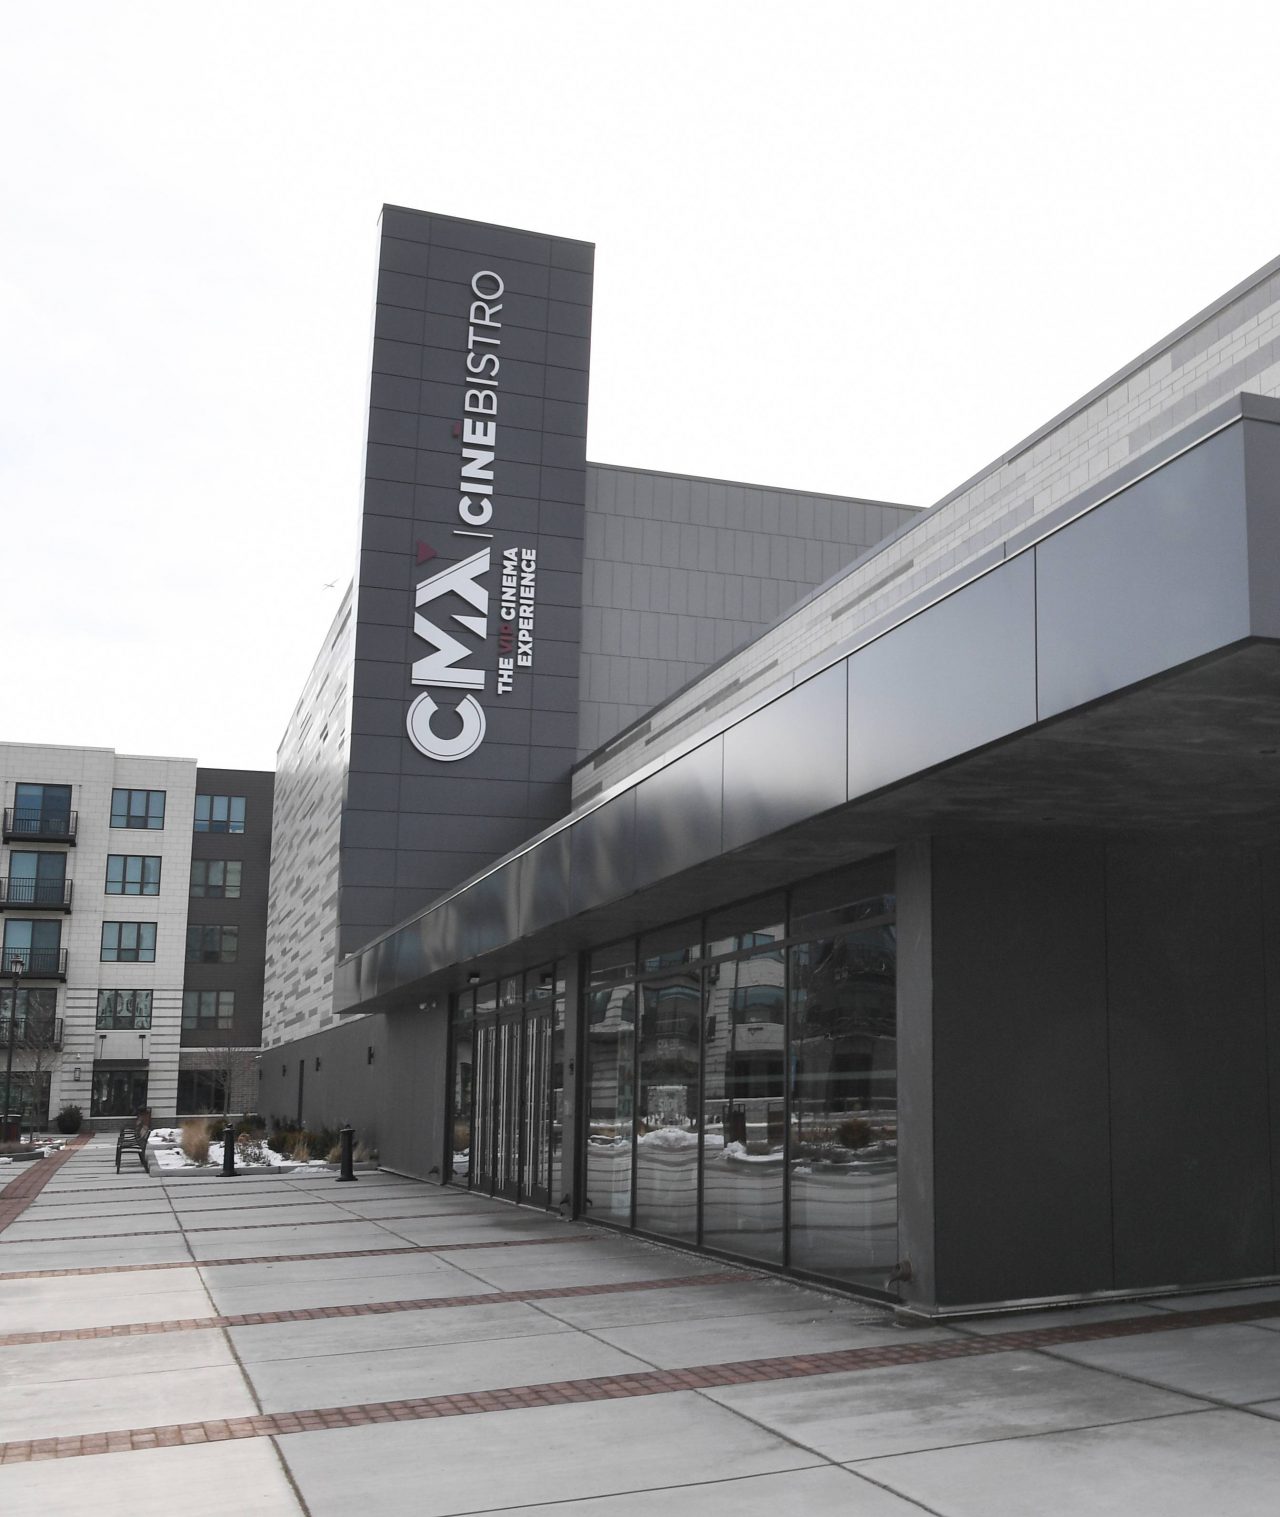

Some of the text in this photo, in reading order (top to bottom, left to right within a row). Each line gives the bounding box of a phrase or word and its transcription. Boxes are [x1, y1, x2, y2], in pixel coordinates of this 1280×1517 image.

[406, 546, 491, 762] CMX
[498, 547, 518, 694] THE VIP CINEMA
[517, 549, 536, 667] EXPERIENCE
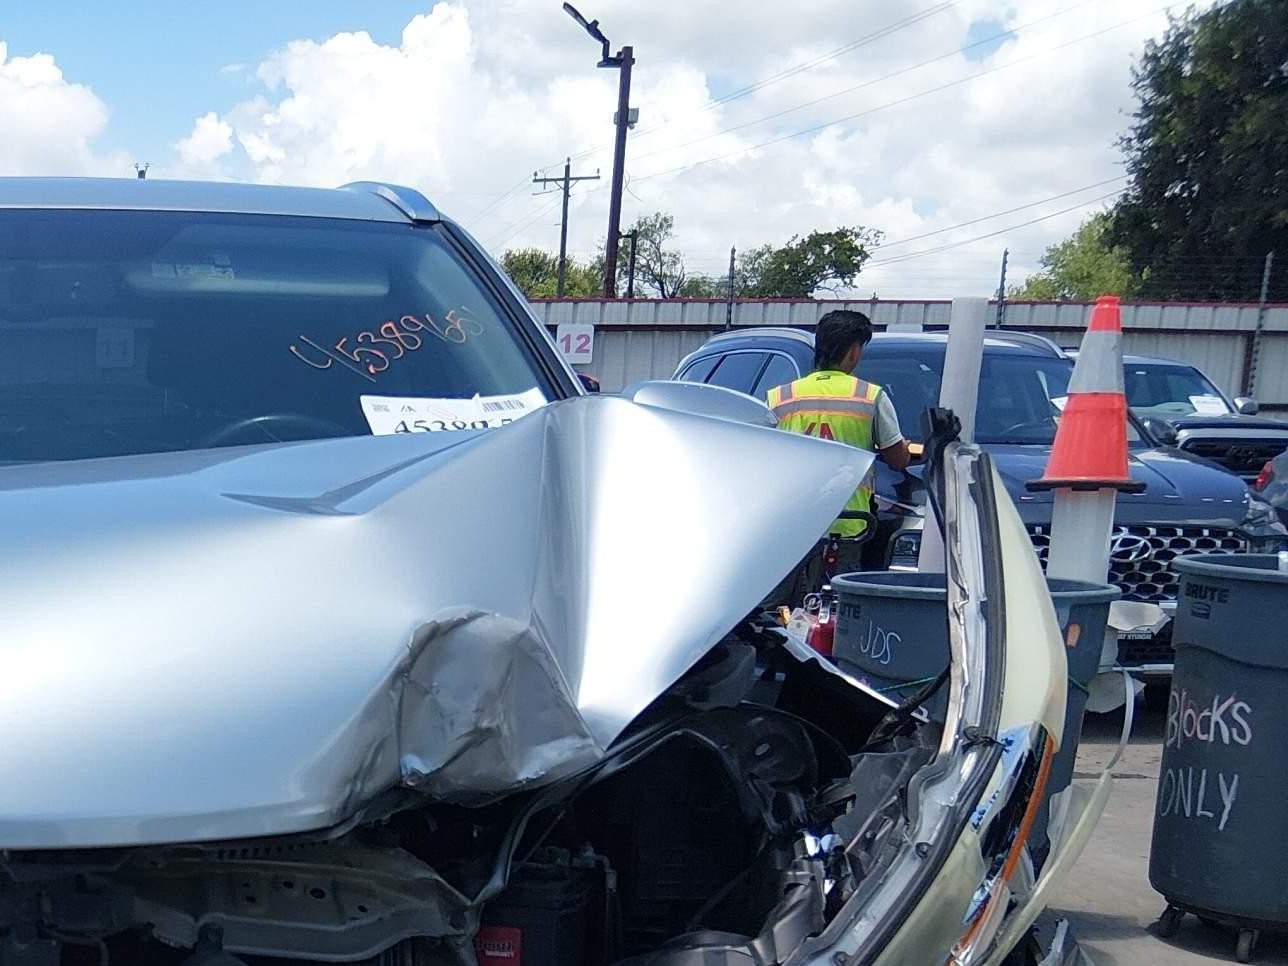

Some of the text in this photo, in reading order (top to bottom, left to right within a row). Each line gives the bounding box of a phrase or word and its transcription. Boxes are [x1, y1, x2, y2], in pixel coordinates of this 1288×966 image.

[560, 333, 591, 354] 12
[1185, 581, 1229, 604] BRUTE
[839, 602, 861, 619] UTE
[1161, 767, 1239, 831] ONLY
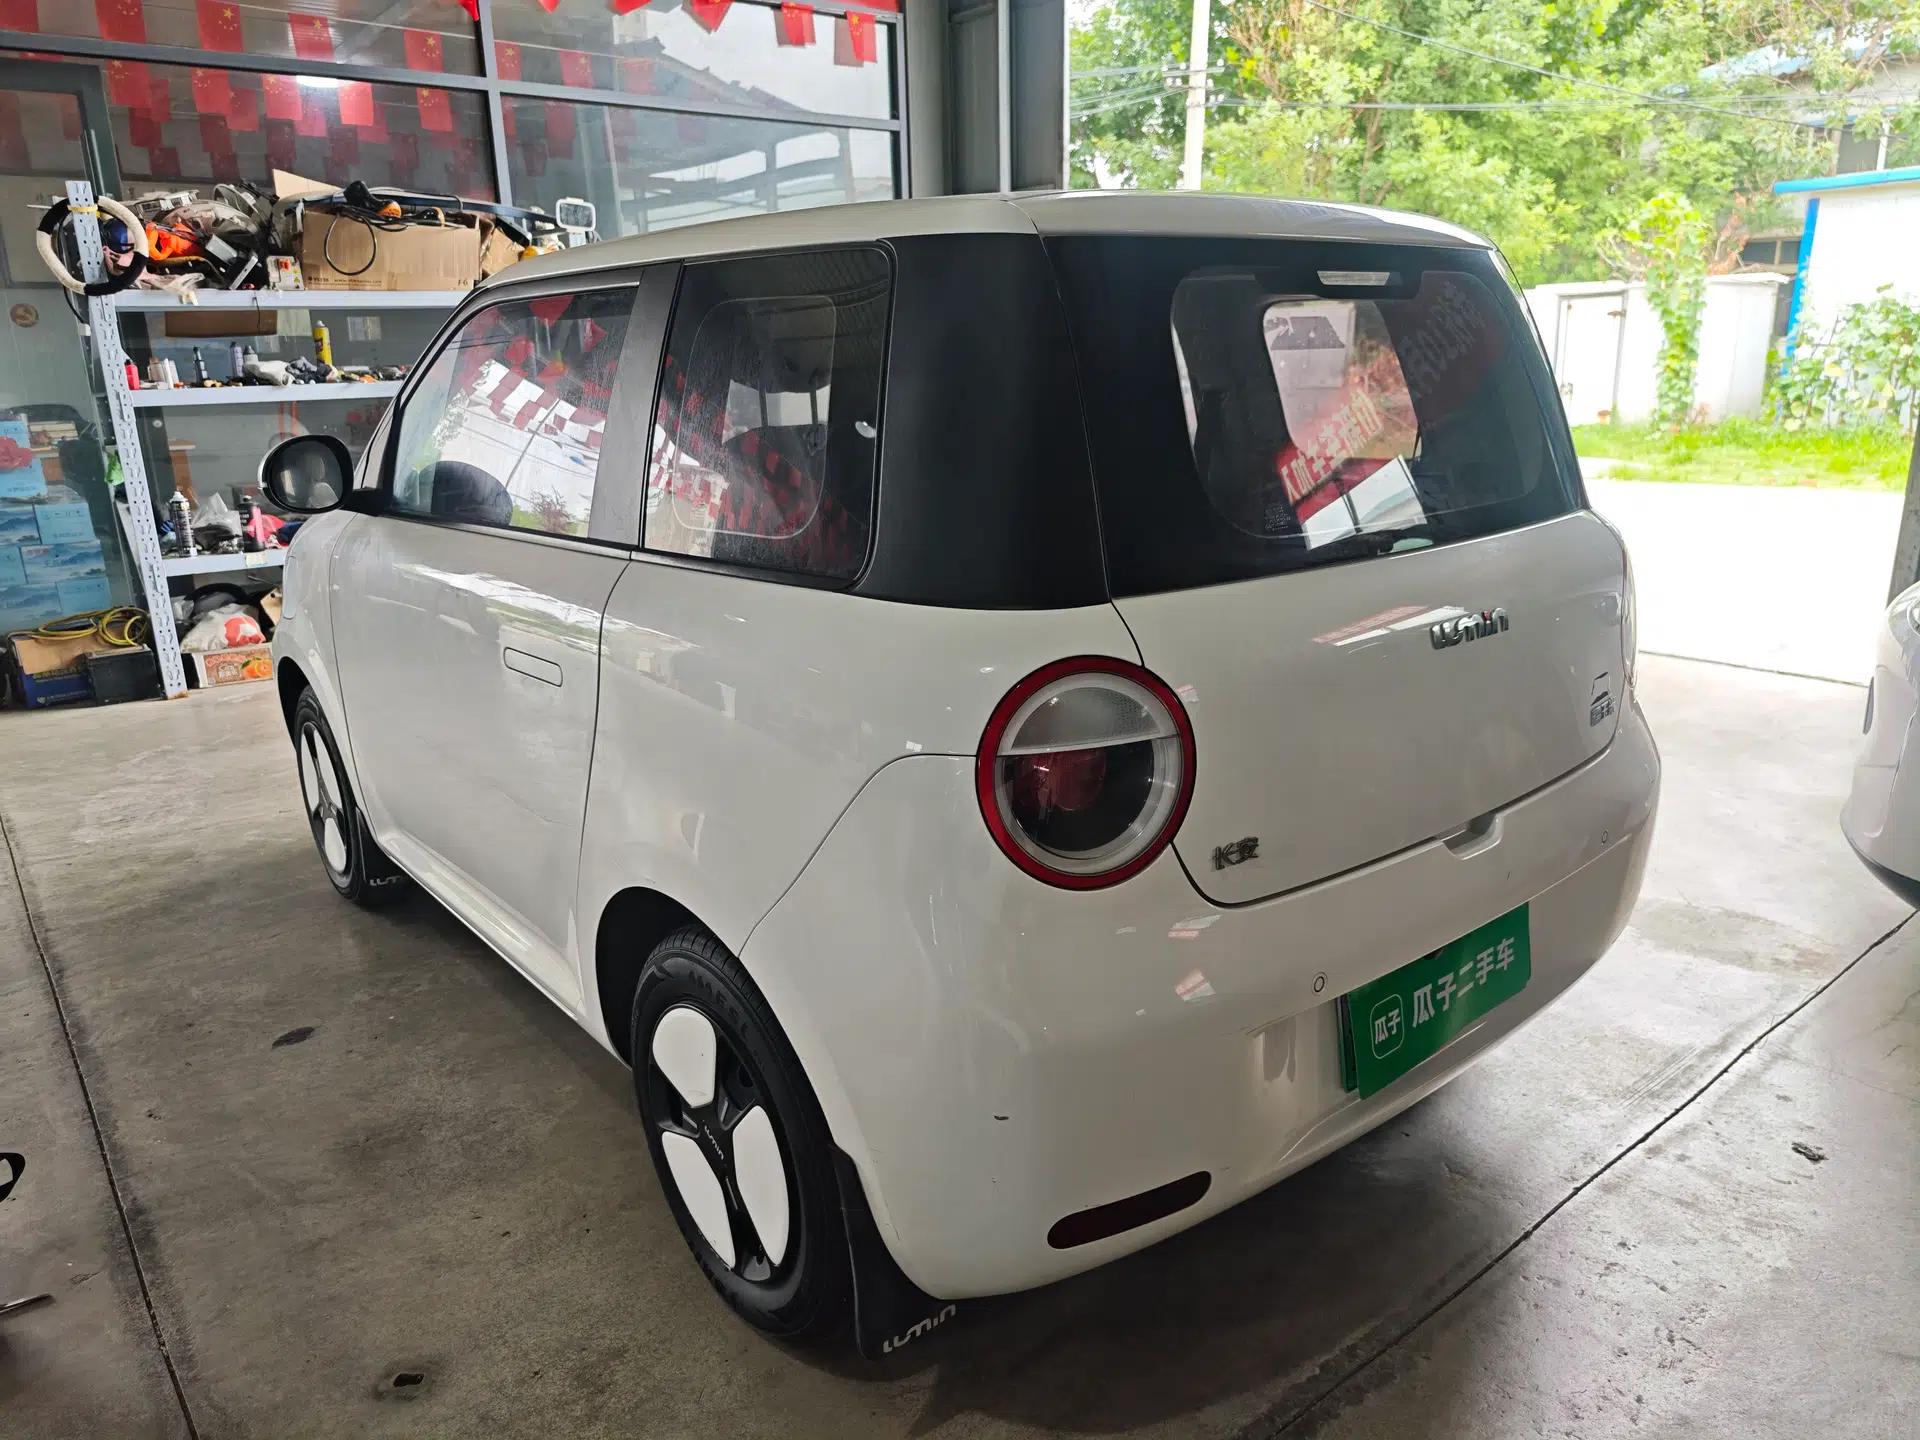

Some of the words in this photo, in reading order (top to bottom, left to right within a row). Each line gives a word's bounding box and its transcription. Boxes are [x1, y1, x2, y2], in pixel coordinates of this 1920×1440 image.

--- YOUR ASSIGNMENT ---
Repeat the data exactly, dropping every picture it holds.

--- PROBLEM SOLUTION ---
Some of the text in this photo, in reading order (top to bottom, left to right within a row). Each line gives the bounding box of a phrase or word and its transcription. Boxes are [x1, y1, x2, y2], in pixel coordinates of this 1280×1517 image.

[406, 546, 491, 762] CMX
[498, 547, 518, 694] THE VIP CINEMA
[517, 549, 536, 667] EXPERIENCE

Some of the text in this photo, in reading order (top to bottom, left to right within a row). Each line gives the bounding box of a phrase or word and its transcription. Boxes are [x1, y1, x2, y2], in pixel coordinates of this 1288×966 image.

[560, 333, 591, 354] 12
[1185, 581, 1229, 604] BRUTE
[839, 602, 861, 619] UTE
[1161, 767, 1239, 831] ONLY

Some of the words in this photo, in reading order (top to bottom, left to right within a row). Each line gives a word's bounding box and its transcription. Boxes are [x1, y1, x2, y2], in pixel coordinates of this 1920×1440 image.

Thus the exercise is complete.